Chattahoochee currently operates one branch in
Gainesville, Georgia and a loan production office in Duluth,
Georgia and will add approximately $197 million in assets, $155
million in loans, and $166 million in deposits to Entegra Bank.
Commenting on the announcement, Roger Plemens,
President and Chief Executive Officer of Entegra, said, “We are
excited to partner with Chattahoochee as we continue to expand our
existing footprint in northern Georgia. Chattahoochee has a
proven track record of strong loan and deposit growth that will
complement our strategy of building long-term franchise value by
diversifying into high growth markets. With an unemployment
rate of 3.8%, Gainesville is among the 50 fastest growing metro
areas in the U.S. and home to more than 300 manufacturing and
processing companies. Chattahoochee is one of the premier
commercial banks in Gainesville and brings Entegra a talented team
of six lenders with deep commercial experience.”
Jody Lail, President and Chief Executive Officer
of Chattahoochee, added, “We are excited to partner with Entegra in
continuing to grow our commercial banking presence in our northeast
Georgia market. Entegra provides additional capital strength to
allow our commercial banking team to greatly expand lending and
cash management services to both our existing customer base and our
rapidly expanding business community. We are also pleased that
Entegra will bring additional services for our consumer customers,
including residential mortgage and investments.”

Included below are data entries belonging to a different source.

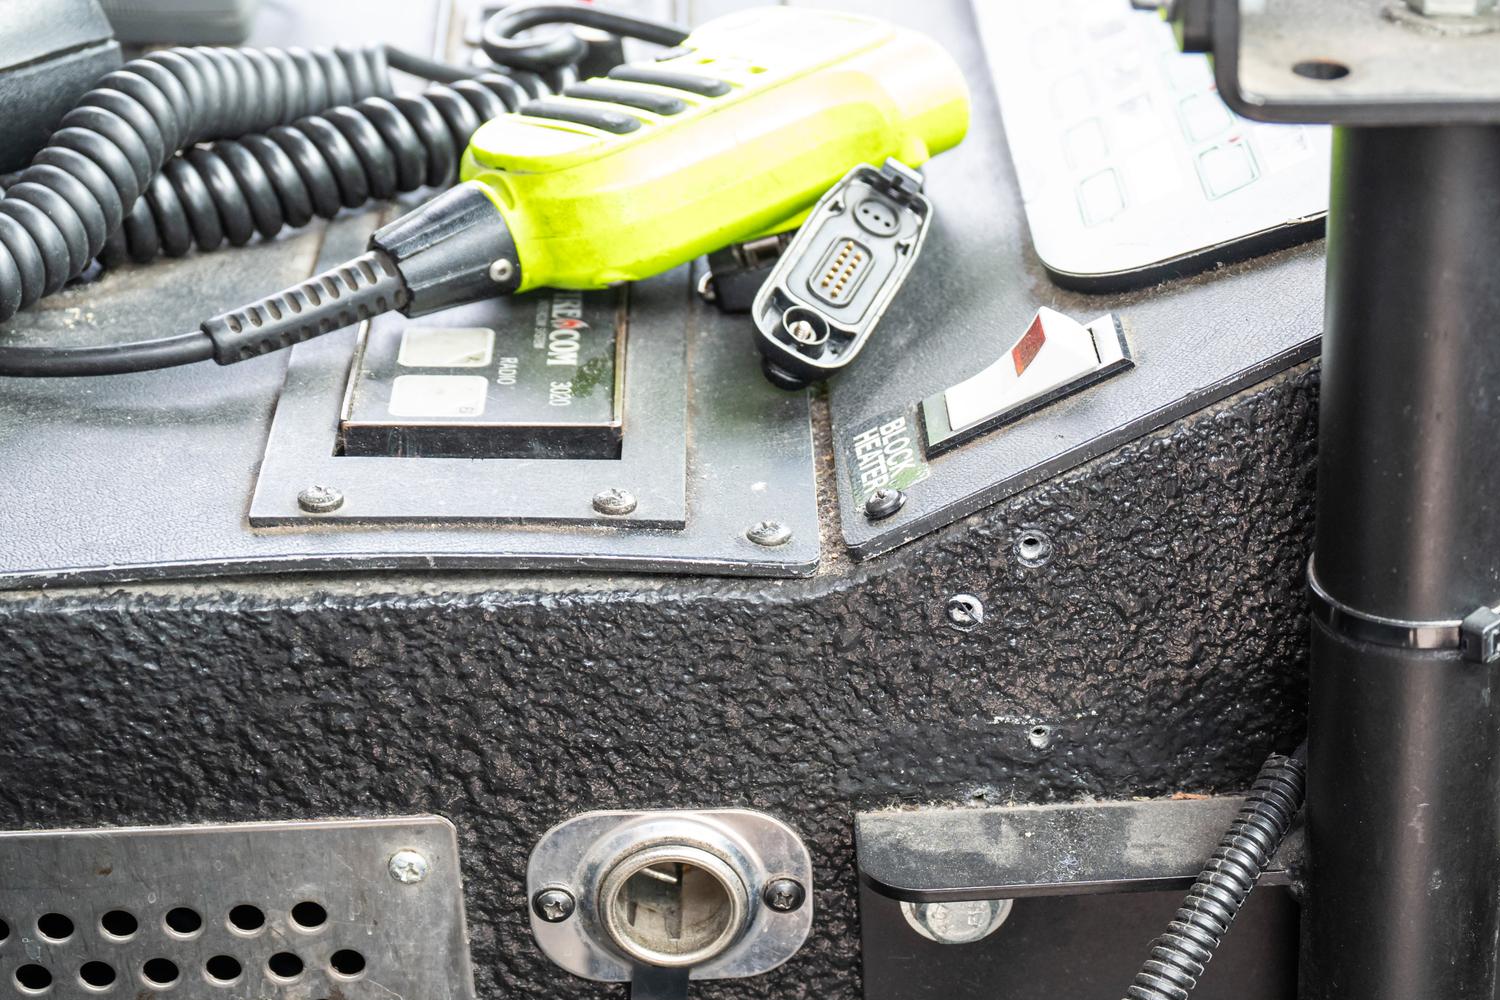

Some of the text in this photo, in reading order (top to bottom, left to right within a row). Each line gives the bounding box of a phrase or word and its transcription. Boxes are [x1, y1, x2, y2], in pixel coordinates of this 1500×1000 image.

[497, 357, 518, 385] RADIO
[546, 293, 583, 406] IRECOM 3020
[853, 426, 889, 494] HEATER
[880, 416, 916, 479] BLOCK
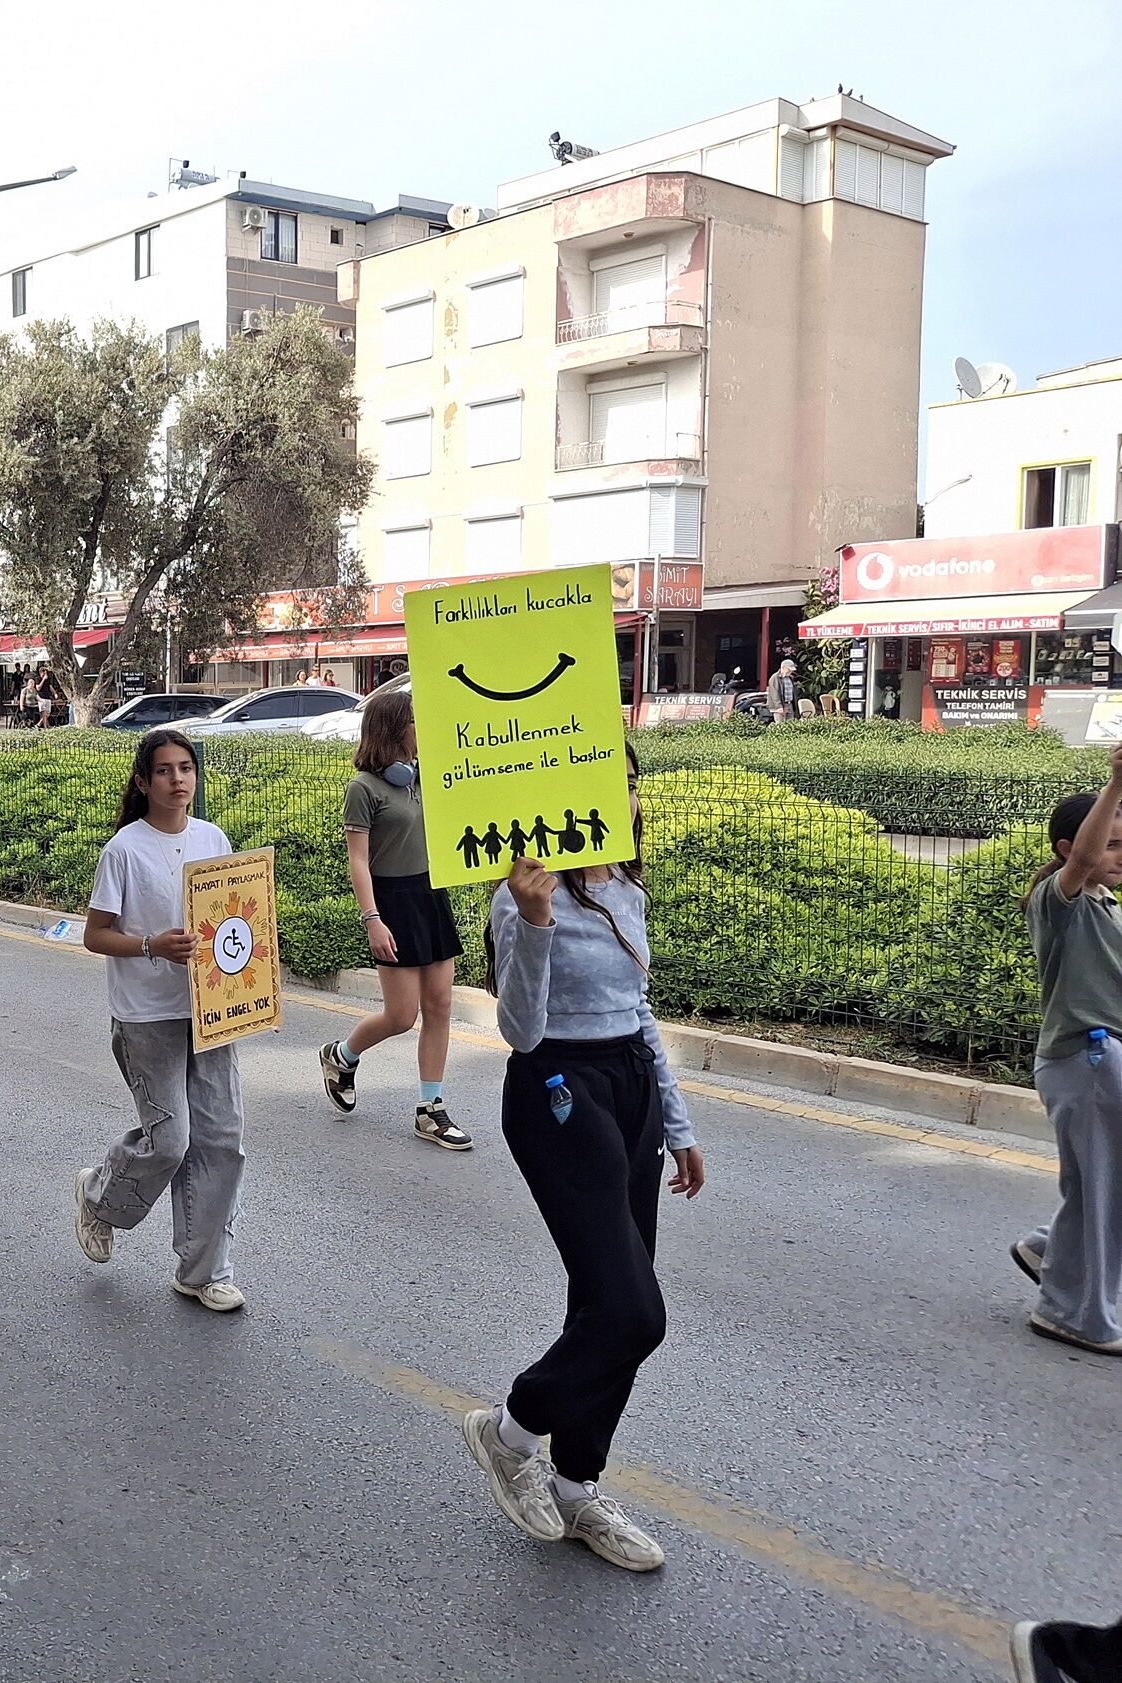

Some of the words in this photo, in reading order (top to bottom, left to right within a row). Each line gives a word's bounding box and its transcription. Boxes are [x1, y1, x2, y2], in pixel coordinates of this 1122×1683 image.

[898, 557, 996, 578] vodafone
[434, 593, 518, 625] Farklılıkları
[526, 583, 593, 613] kucakla
[817, 625, 854, 636] YÜKLEME
[654, 696, 687, 705] TEKNİK
[936, 688, 979, 700] TEKNİK
[981, 688, 1027, 700] SERVİS
[942, 711, 969, 719] BAKIM
[981, 711, 1018, 719] ONARIMI
[946, 702, 983, 710] TELEFON
[985, 701, 1014, 710] TAMİRİ
[455, 714, 584, 749] Kabullenmek
[442, 758, 534, 789] gülümseme
[540, 751, 560, 769] ile
[569, 745, 615, 765] başlar
[193, 879, 224, 893] HAYATI
[227, 871, 266, 886] PAYLAŞMAK
[202, 1008, 221, 1030] İÇİN
[226, 1003, 252, 1019] ENGEL
[253, 996, 270, 1011] YOK

The transaction, which is expected to close in
the fourth quarter of 2017, has been unanimously approved by the
Board of Directors of both companies and is subject to customary
closing conditions, including regulatory approvals, and approval by
the shareholders of Chattahoochee.
Excluding estimated transaction expenses, the
acquisition is expected to be more than 15% accretive to 2018
earnings and to have a tangible book value earn-back period of
approximately 4.50 years. Upon completion of this
transaction, Entegra will have approximately $1.6 billion in
assets, $950 million in loans, and $1.2 billion in deposits.

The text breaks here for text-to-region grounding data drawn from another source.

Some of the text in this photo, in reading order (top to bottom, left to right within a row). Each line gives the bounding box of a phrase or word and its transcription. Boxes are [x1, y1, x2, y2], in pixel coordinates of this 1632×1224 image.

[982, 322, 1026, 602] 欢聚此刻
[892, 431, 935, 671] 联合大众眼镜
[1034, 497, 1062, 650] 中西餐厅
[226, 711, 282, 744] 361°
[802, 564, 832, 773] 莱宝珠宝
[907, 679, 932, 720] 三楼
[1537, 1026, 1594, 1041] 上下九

Entegra Financial Corp. and Entegra Bank were
advised in the transaction by Sandler O’Neill + Partners, L.P. as
financial advisor and Brooks, Pierce, McLendon, Humphrey &
Leonard, LLP as legal counsel. Chattahoochee was advised in the
transaction by Banks Street Partners, LLC as financial advisor and
Nelson Mullins Riley & Scarborough, LLP as legal counsel.
About Entegra Financial
Corp.
Entegra Financial Corp. with total assets of
$1.4 billion at March 31, 2017, is headquartered in Franklin, North
Carolina and is the holding company of Entegra Bank.
Entegra’s shares trade on the NASDAQ Global Market under the symbol
“ENFC”.
Entegra Bank operates a total of 17 branches
located throughout the Western North Carolina counties of Cherokee,
Haywood, Henderson, Jackson, Macon, Polk and Transylvania, the
Upstate South Carolina counties of Anderson, Greenville, and
Spartanburg and the northern Georgia county of Pickens. The Bank
also operates loan production offices in Asheville, North Carolina
and Clemson, South Carolina. For further information, visit the
Bank’s website www.entegrabank.com
About Chattahoochee Bank of
Georgia
Chattahoochee was founded in 2008 and provides
commercial banking services through its banking office in
Gainesville, Georgia and loan production office in Duluth, Georgia.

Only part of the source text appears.